• **Data for the task**
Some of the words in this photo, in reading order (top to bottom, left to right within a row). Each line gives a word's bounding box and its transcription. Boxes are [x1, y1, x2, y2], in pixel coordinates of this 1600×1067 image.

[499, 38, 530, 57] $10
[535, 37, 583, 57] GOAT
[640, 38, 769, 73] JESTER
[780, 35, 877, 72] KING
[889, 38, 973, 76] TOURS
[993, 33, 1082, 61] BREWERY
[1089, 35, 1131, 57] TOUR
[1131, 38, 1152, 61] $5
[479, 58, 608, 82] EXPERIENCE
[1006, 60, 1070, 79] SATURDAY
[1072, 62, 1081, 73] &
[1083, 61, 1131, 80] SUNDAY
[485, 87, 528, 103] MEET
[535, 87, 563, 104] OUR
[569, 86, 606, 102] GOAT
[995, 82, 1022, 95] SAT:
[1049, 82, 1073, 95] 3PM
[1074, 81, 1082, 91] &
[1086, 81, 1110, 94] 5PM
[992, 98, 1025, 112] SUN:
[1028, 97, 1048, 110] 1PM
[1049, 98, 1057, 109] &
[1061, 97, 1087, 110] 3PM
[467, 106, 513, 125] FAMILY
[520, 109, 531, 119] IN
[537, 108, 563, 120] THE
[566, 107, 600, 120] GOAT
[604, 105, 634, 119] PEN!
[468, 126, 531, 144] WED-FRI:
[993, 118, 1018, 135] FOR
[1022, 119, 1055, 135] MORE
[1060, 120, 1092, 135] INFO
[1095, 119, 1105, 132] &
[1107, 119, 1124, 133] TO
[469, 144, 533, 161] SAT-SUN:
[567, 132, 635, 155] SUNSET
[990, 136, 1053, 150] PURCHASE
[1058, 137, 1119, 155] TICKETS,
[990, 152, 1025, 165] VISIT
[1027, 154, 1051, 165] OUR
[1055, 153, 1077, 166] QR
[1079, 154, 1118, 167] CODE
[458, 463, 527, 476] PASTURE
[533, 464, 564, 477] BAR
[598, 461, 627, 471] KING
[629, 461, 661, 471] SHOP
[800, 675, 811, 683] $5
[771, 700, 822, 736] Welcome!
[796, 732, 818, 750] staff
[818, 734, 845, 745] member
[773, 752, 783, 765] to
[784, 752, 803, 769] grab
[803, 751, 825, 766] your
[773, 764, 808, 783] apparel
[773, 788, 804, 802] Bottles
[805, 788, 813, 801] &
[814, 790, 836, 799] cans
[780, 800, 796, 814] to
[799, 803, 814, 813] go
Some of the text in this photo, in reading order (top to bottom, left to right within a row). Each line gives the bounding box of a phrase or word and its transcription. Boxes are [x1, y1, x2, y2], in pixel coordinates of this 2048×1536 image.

• **Brief**
Give back all of the records exactly as they were provided above.

• **Exercise solution**
Some of the words in this photo, in reading order (top to bottom, left to right within a row). Each line gives a word's bounding box and its transcription. Boxes are [x1, y1, x2, y2], in pixel coordinates of this 1600×1067 image.

[499, 38, 530, 57] $10
[535, 37, 583, 57] GOAT
[640, 38, 769, 73] JESTER
[780, 35, 877, 72] KING
[889, 38, 973, 76] TOURS
[993, 33, 1082, 61] BREWERY
[1089, 35, 1131, 57] TOUR
[1131, 38, 1152, 61] $5
[479, 58, 608, 82] EXPERIENCE
[1006, 60, 1070, 79] SATURDAY
[1072, 62, 1081, 73] &
[1083, 61, 1131, 80] SUNDAY
[485, 87, 528, 103] MEET
[535, 87, 563, 104] OUR
[569, 86, 606, 102] GOAT
[995, 82, 1022, 95] SAT:
[1049, 82, 1073, 95] 3PM
[1074, 81, 1082, 91] &
[1086, 81, 1110, 94] 5PM
[992, 98, 1025, 112] SUN:
[1028, 97, 1048, 110] 1PM
[1049, 98, 1057, 109] &
[1061, 97, 1087, 110] 3PM
[467, 106, 513, 125] FAMILY
[520, 109, 531, 119] IN
[537, 108, 563, 120] THE
[566, 107, 600, 120] GOAT
[604, 105, 634, 119] PEN!
[468, 126, 531, 144] WED-FRI:
[993, 118, 1018, 135] FOR
[1022, 119, 1055, 135] MORE
[1060, 120, 1092, 135] INFO
[1095, 119, 1105, 132] &
[1107, 119, 1124, 133] TO
[469, 144, 533, 161] SAT-SUN:
[567, 132, 635, 155] SUNSET
[990, 136, 1053, 150] PURCHASE
[1058, 137, 1119, 155] TICKETS,
[990, 152, 1025, 165] VISIT
[1027, 154, 1051, 165] OUR
[1055, 153, 1077, 166] QR
[1079, 154, 1118, 167] CODE
[458, 463, 527, 476] PASTURE
[533, 464, 564, 477] BAR
[598, 461, 627, 471] KING
[629, 461, 661, 471] SHOP
[800, 675, 811, 683] $5
[771, 700, 822, 736] Welcome!
[796, 732, 818, 750] staff
[818, 734, 845, 745] member
[773, 752, 783, 765] to
[784, 752, 803, 769] grab
[803, 751, 825, 766] your
[773, 764, 808, 783] apparel
[773, 788, 804, 802] Bottles
[805, 788, 813, 801] &
[814, 790, 836, 799] cans
[780, 800, 796, 814] to
[799, 803, 814, 813] go
Some of the text in this photo, in reading order (top to bottom, left to right within a row). Each line gives the bounding box of a phrase or word and its transcription. Boxes are [x1, y1, x2, y2], in pixel coordinates of this 2048×1536 image.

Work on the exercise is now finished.